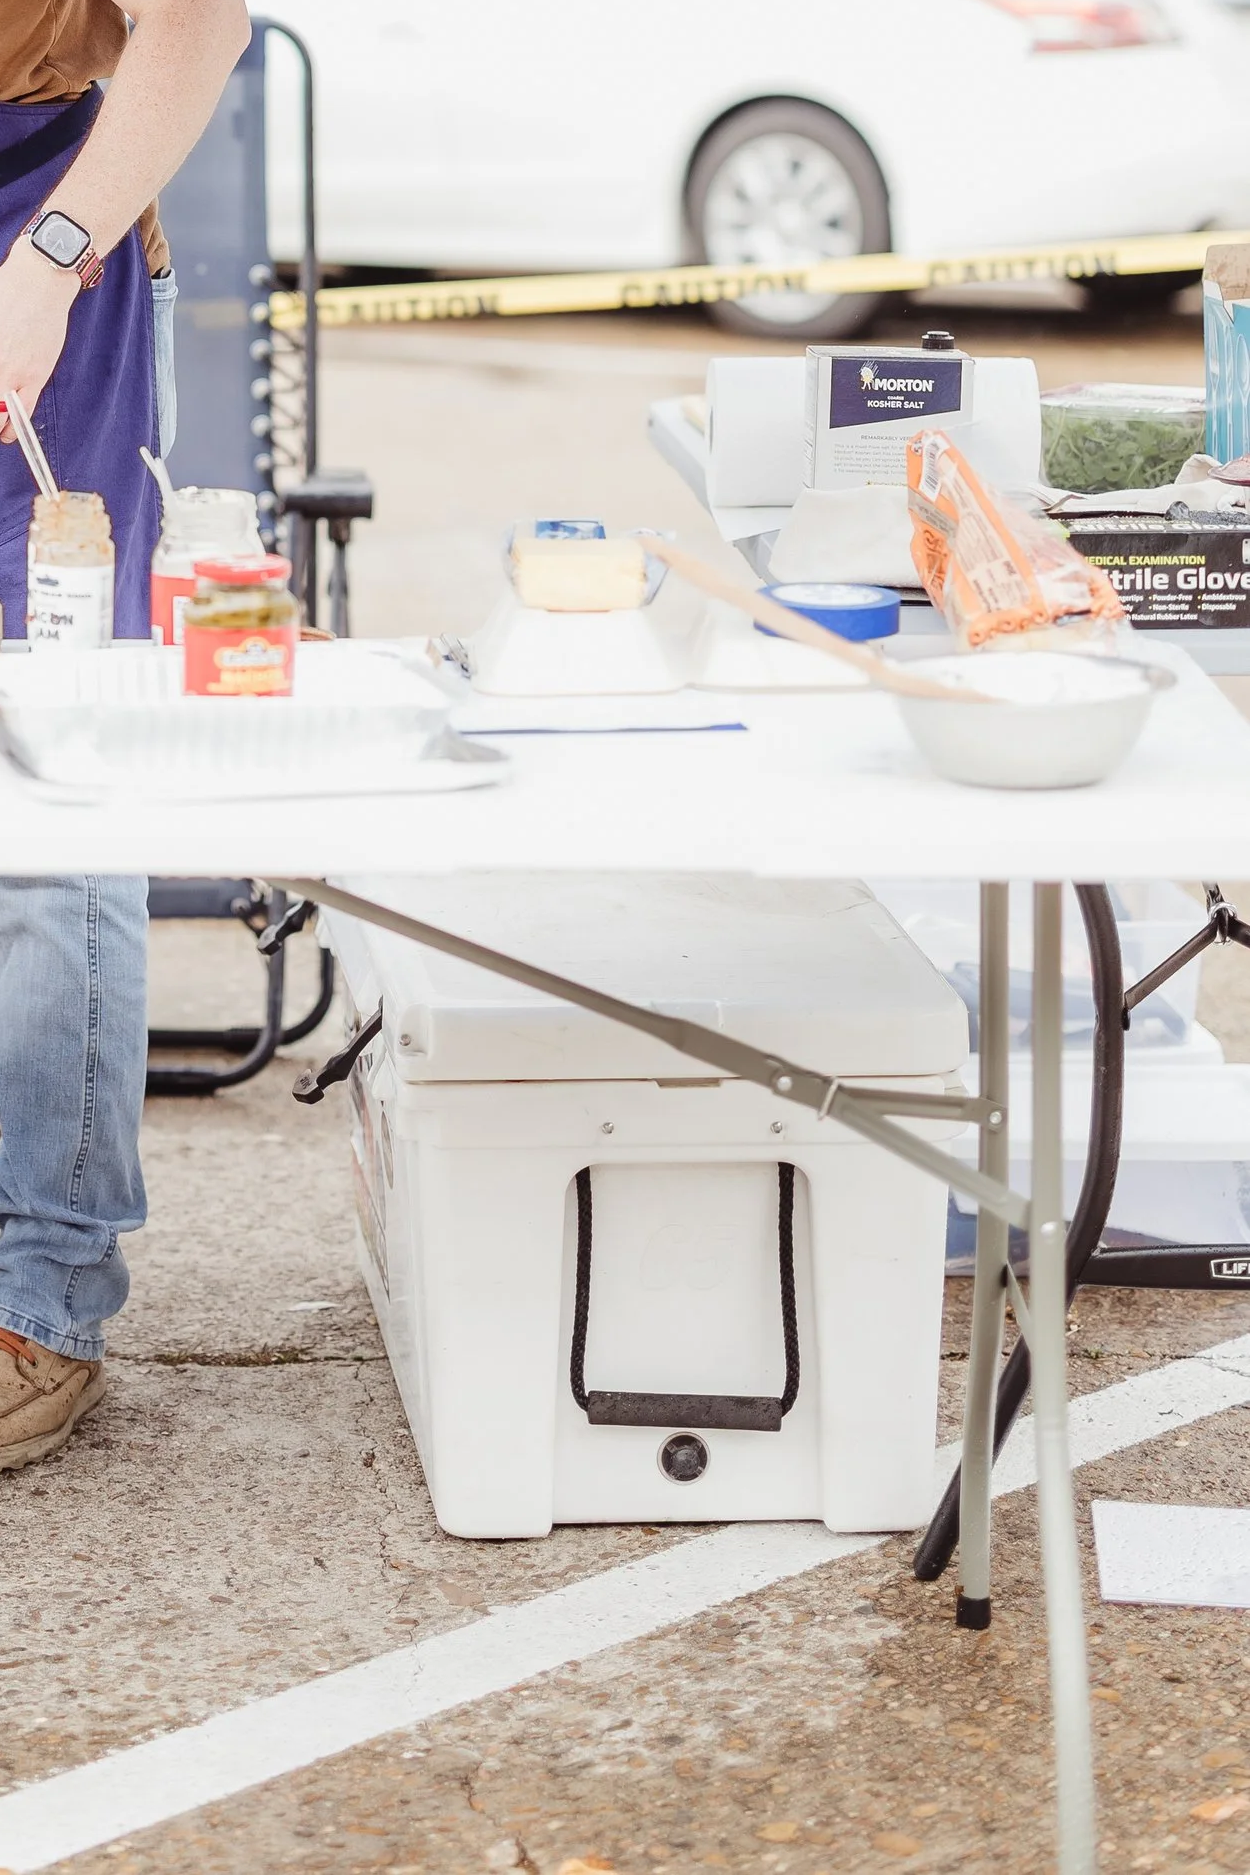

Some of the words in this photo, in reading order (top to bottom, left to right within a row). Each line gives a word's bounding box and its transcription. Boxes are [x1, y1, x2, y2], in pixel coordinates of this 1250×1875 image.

[927, 250, 1117, 287] CAUTION
[620, 271, 806, 307] CAUTION
[874, 378, 933, 392] MORTON
[867, 400, 902, 409] KOSHER
[903, 401, 925, 410] SALT
[1129, 555, 1205, 565] EXAMINATION
[1153, 593, 1193, 601] Powder-Free
[1202, 593, 1247, 601] Ambidextrous
[1153, 603, 1190, 611] Non-Sterile
[1201, 603, 1237, 612] Disposable
[1131, 613, 1156, 621] Natural
[1157, 613, 1179, 621] Rubber
[1180, 613, 1199, 621] Latex
[1222, 1262, 1250, 1275] LIF
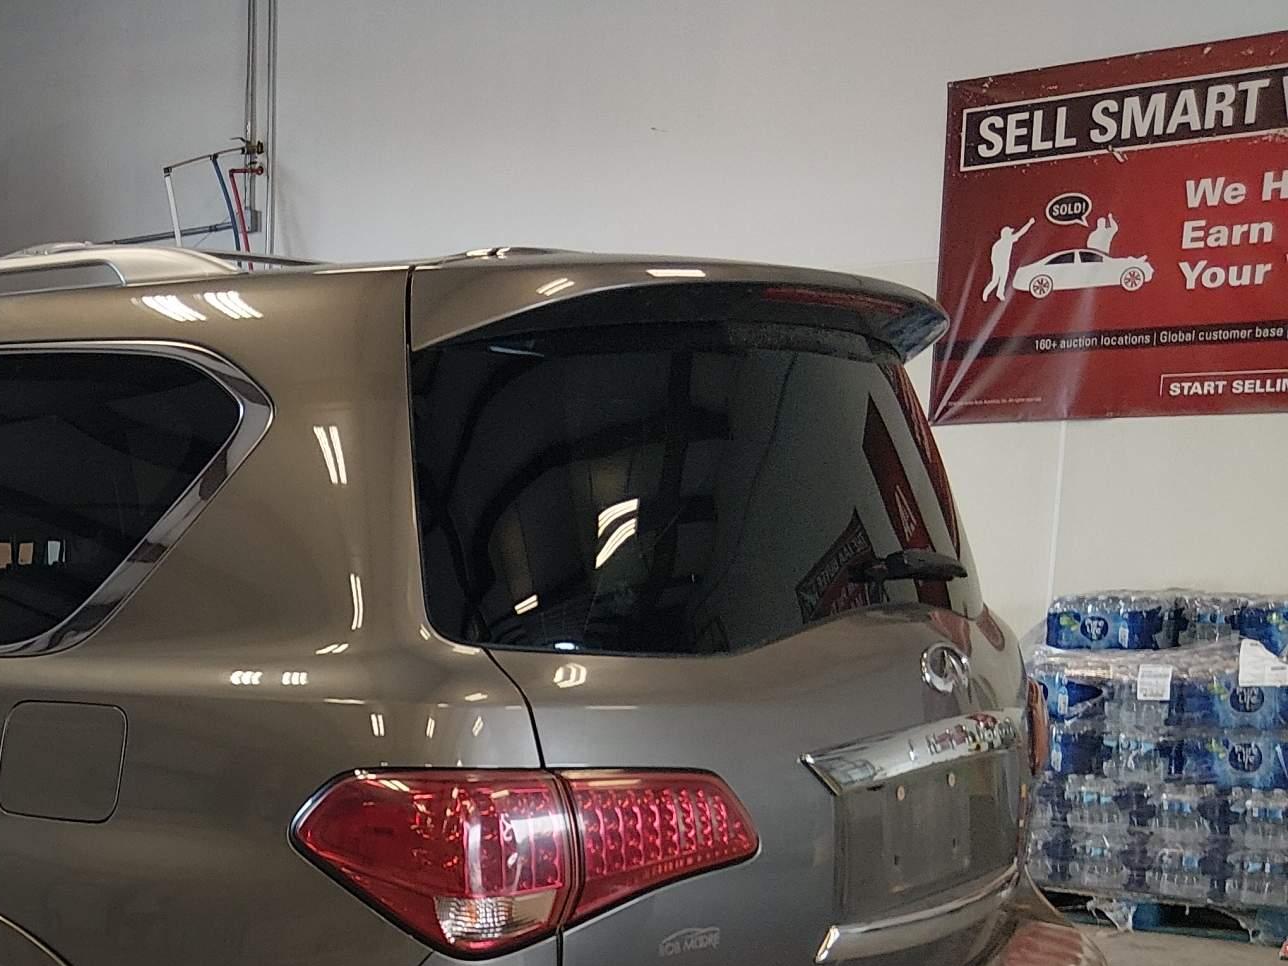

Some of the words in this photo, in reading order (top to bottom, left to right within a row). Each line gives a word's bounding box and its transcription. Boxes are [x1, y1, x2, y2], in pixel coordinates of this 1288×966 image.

*****

■ ACTIVITY ■
Please print each of the records word for word, keeping the pictures out.

■ RESULT BELOW ■
Some of the words in this photo, in reading order (top to bottom, left to right within a row). Each line gives a word's bounding box and its transcription. Boxes are [x1, y1, x2, y2], in pixel coordinates of this 1250×1875 image.

[927, 250, 1117, 287] CAUTION
[620, 271, 806, 307] CAUTION
[874, 378, 933, 392] MORTON
[867, 400, 902, 409] KOSHER
[903, 401, 925, 410] SALT
[1129, 555, 1205, 565] EXAMINATION
[1153, 593, 1193, 601] Powder-Free
[1202, 593, 1247, 601] Ambidextrous
[1153, 603, 1190, 611] Non-Sterile
[1201, 603, 1237, 612] Disposable
[1131, 613, 1156, 621] Natural
[1157, 613, 1179, 621] Rubber
[1180, 613, 1199, 621] Latex
[1222, 1262, 1250, 1275] LIF

Some of the words in this photo, in reading order (top to bottom, left to right within a row). Each line gives a word's bounding box and its transcription. Boxes are [x1, y1, x2, y2], in pixel coordinates of this 1288×966 image.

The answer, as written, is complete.